L'experte en tôle : (Voix d'hôtesse.) Votre attention, s'il vous plaît, c'est l'Intendante Interministérielle qui vous
parle. Le propriétaire du véhicule immatriculé "Trois chiffres, deux lettres, deux chiffres", qui est sans doute aussi l'étourdi qui timbre des lettres sans rédiger la contre-adresse et, à
fortiori, l'adresse, et qui plus est sans les envoyer ; qui est sans doute aussi l'acheteur indulgent qui s'est procuré dans les années cinquante un plan des routes de ce pays, entaché de
malencontreuses inversions associées à de flagrantes coquilles, est instamment prié de se faire connaître. Cette personne est attendue ici-même, dès maintenant. Il va sans dire qu'aucun reproche
ne lui sera fait, malgré la féroce envie que nous avons de lui en faire.
(Un temps.
Attente.
Rien ne se passe.)
Nous détenons aussi un carré de journal jauni. Y sont imprimés des avis de décès. Par analogie, nous pouvons les dater de la même époque que le plan. Nous ne pensons
pas qu'il y ait une relation, mais on ne sait jamais : les routes sont toujours aussi peu sûres. Une disparition a dû vous toucher, vous marquer. En tous cas, ça vous a remué ; vous y avez
accordé assez d'importance pour en garder une trace. Si vous n'en avez pas fait le deuil, sachez que nous tenons cette feuille morte à votre disposition.
(Un temps.
Attente.
Rien ne se passe.)
Une situation inédite et angoissante se présente à nous. Comment allons-nous nous y prendre ?

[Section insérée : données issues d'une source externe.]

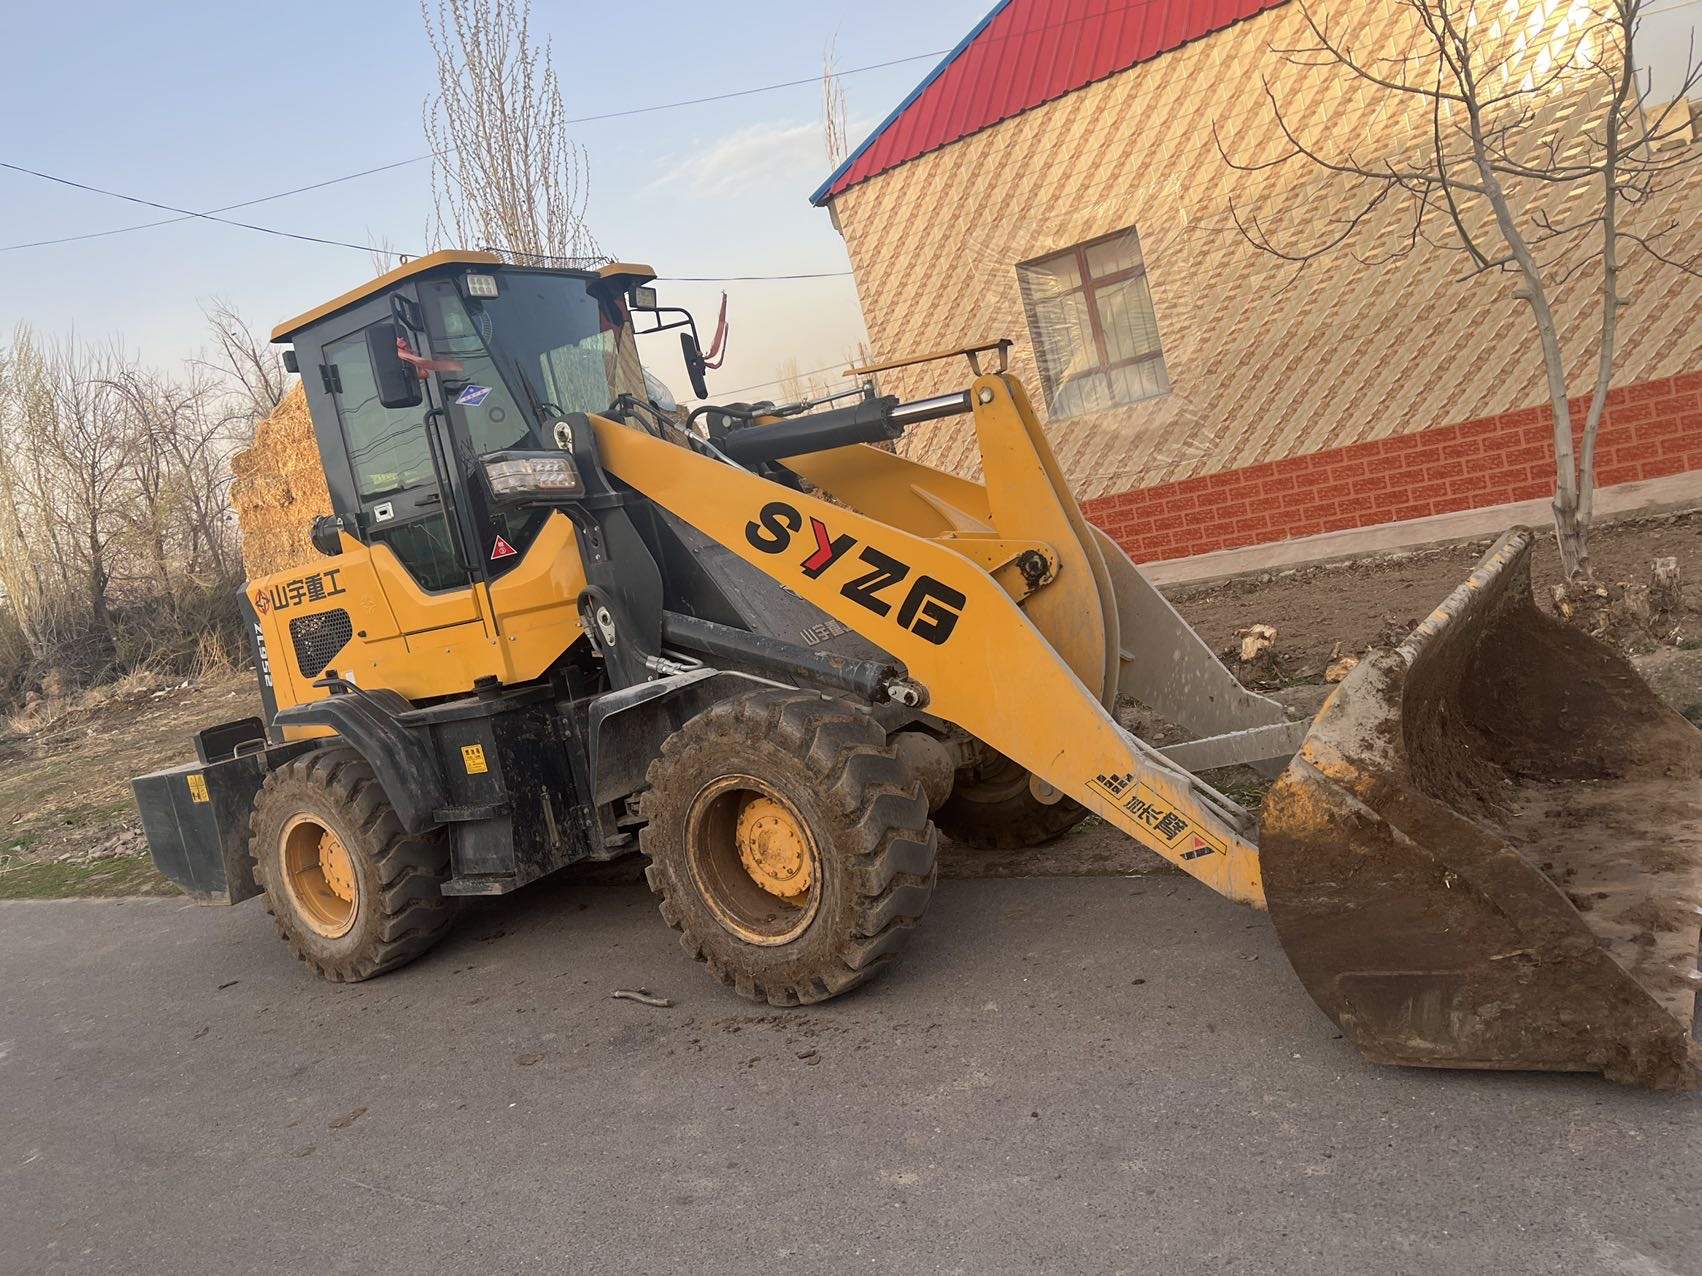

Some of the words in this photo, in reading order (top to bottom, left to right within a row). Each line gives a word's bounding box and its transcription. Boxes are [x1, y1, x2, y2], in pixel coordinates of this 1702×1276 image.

[270, 568, 346, 610] 山宇重工
[745, 501, 967, 645] SYZG
[800, 619, 849, 646] 山宇重
[1123, 795, 1188, 840] 加长臂

(Elle fait le tour de la voiture.)
Quand on rentre quelque part, on est d'abord saisi par une odeur particulière, unique, caractéristique. Elle peut nous en apprendre beaucoup.

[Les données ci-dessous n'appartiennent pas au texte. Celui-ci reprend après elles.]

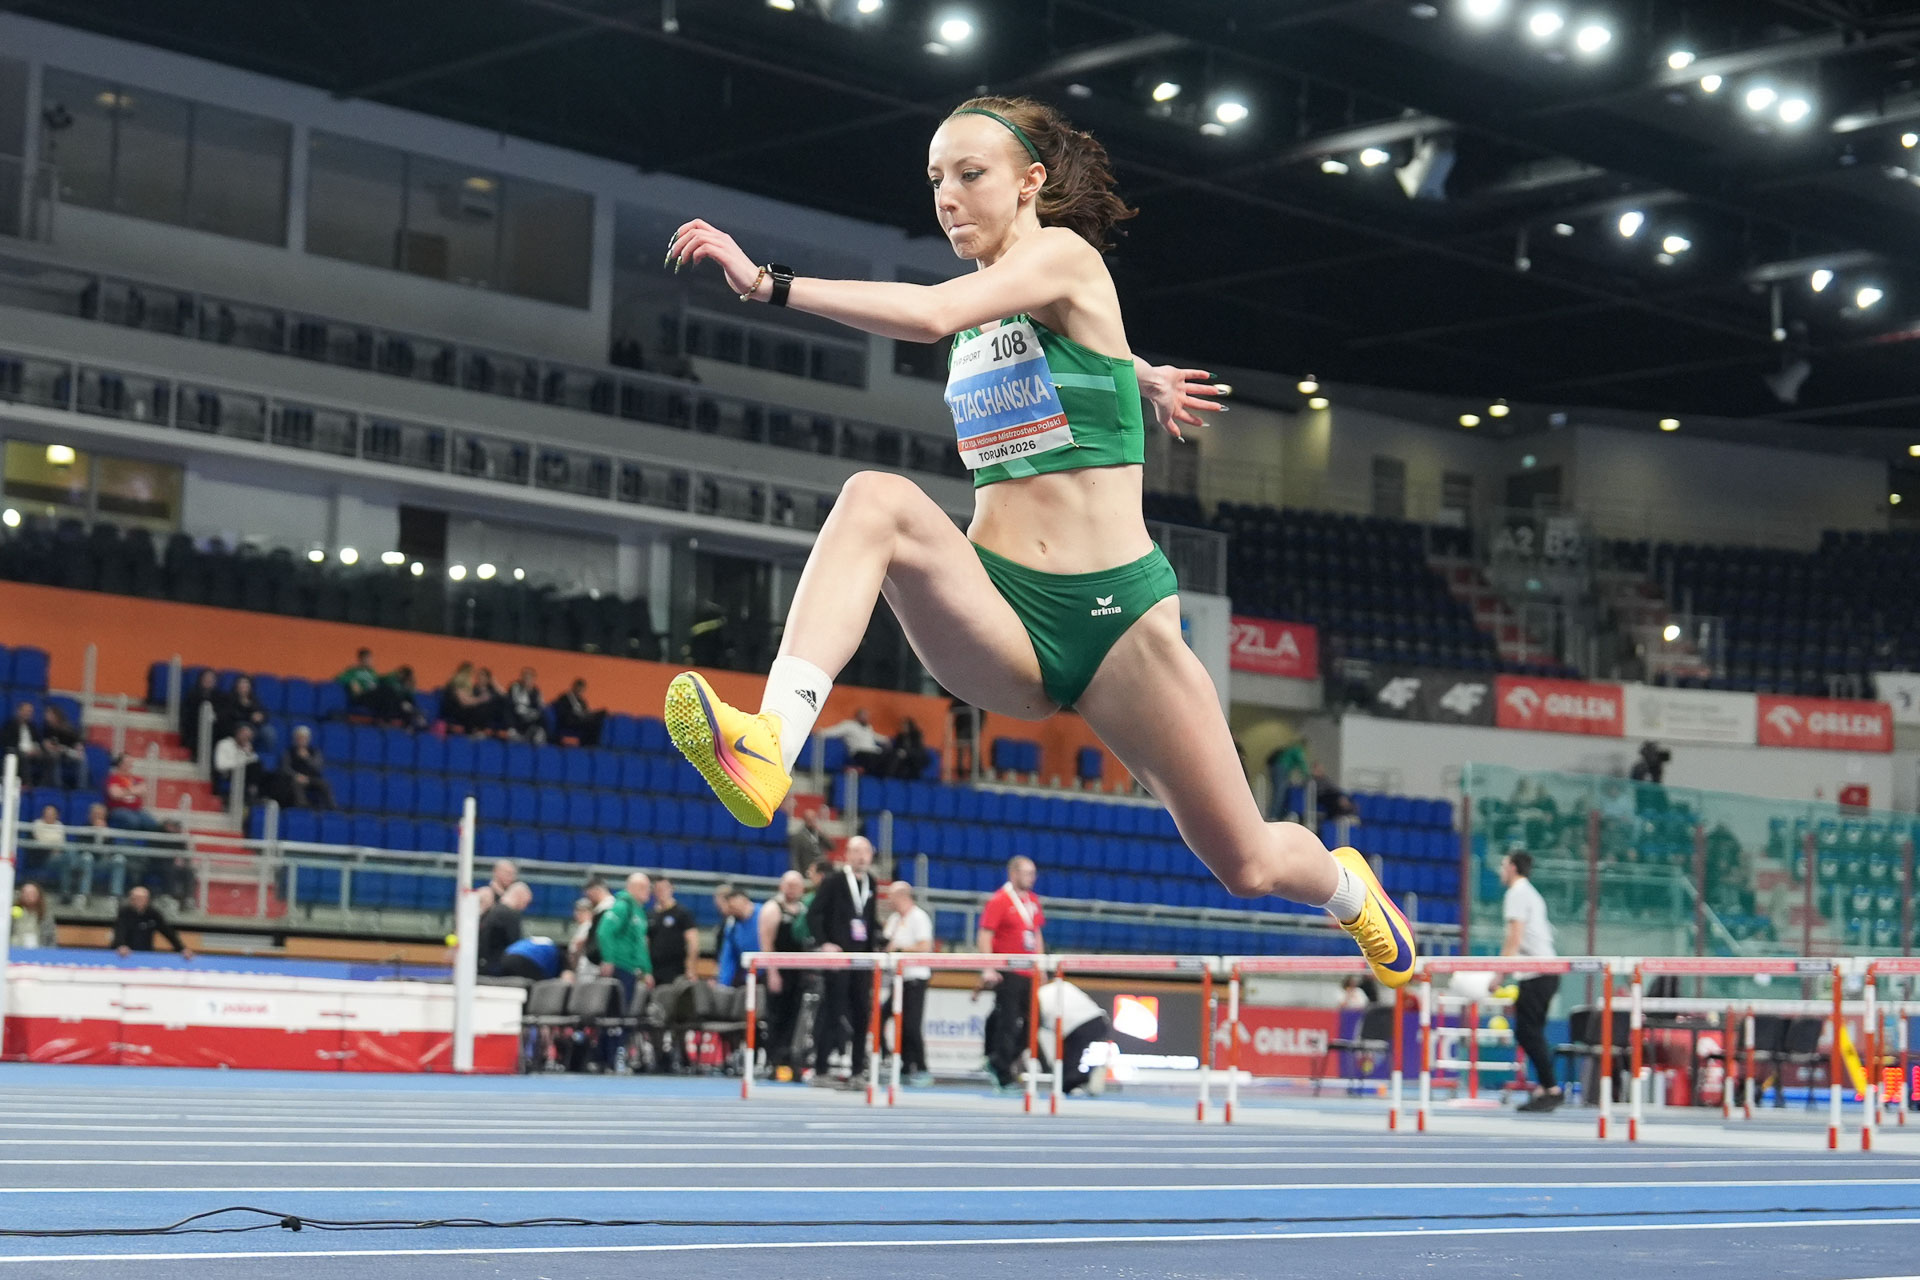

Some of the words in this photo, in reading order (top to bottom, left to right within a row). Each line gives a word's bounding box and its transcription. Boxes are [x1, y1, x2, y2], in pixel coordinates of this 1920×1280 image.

[991, 330, 1027, 361] 108
[998, 426, 1037, 440] Mistrzostwa
[1038, 417, 1061, 431] Polski
[978, 444, 1008, 462] TORUŃ
[1009, 440, 1037, 455] 2026
[1091, 606, 1122, 616] erima
[795, 690, 817, 712] adidas
[1544, 693, 1616, 721] ORLEN
[1807, 710, 1882, 737] ORLEN

(Elle ouvre la portière de la voiture, hume intensément l'air ambiant de l'habitacle.)
Odeur de tabac très froid. Sueurs anciennes. Miasmes et scories populaires. Dénaturée par la
fiente des poules, senteur de la succession des jours et des jours et du temps qui s'écoule et en remet toujours une couche. Ce qui n'arrange rien. Ou ce qui explique tout. Tout pourrait
commencer par l'odeur de cet intérieur. Qui et quoi se mêlent pour résulter en un "je-ne-sais-quoi" indéfinissable que l'on ne retrouvera pas si l'on n'y revient pas. Rouler une patine des lieux
et des choses mariées à la pellicule que dépose aujourd'hui. Voilà pourquoi aucune odeur ne ressemble à une autre. Usure naturelle. Intérieur en simili-panthère. Vieux caoutchoucs poreux :
l'huile, l'eau et le carburant en savent quelque chose. Ce qui dénote une certaine négligence certaine de la part de notre invité-mystère. Je ne constate aucune tricherie sur ce qui aurait pu
être malodorant, ni artifice pour en masquer l'état. Si... peut-être... Relents de parfum bon marché, à peine perceptibles. Il faut avoir le nez exercé. Je crois que cette voiture a transporté
beaucoup de monde. Beaucoup de traces d'odeurs corporelles mêlées. C'est toujours un brassage intéressant à analyser. Mais qui peut aussi considérablement compliquer nos recherches. Vous dites
que cette voiture se trouve ici depuis... ?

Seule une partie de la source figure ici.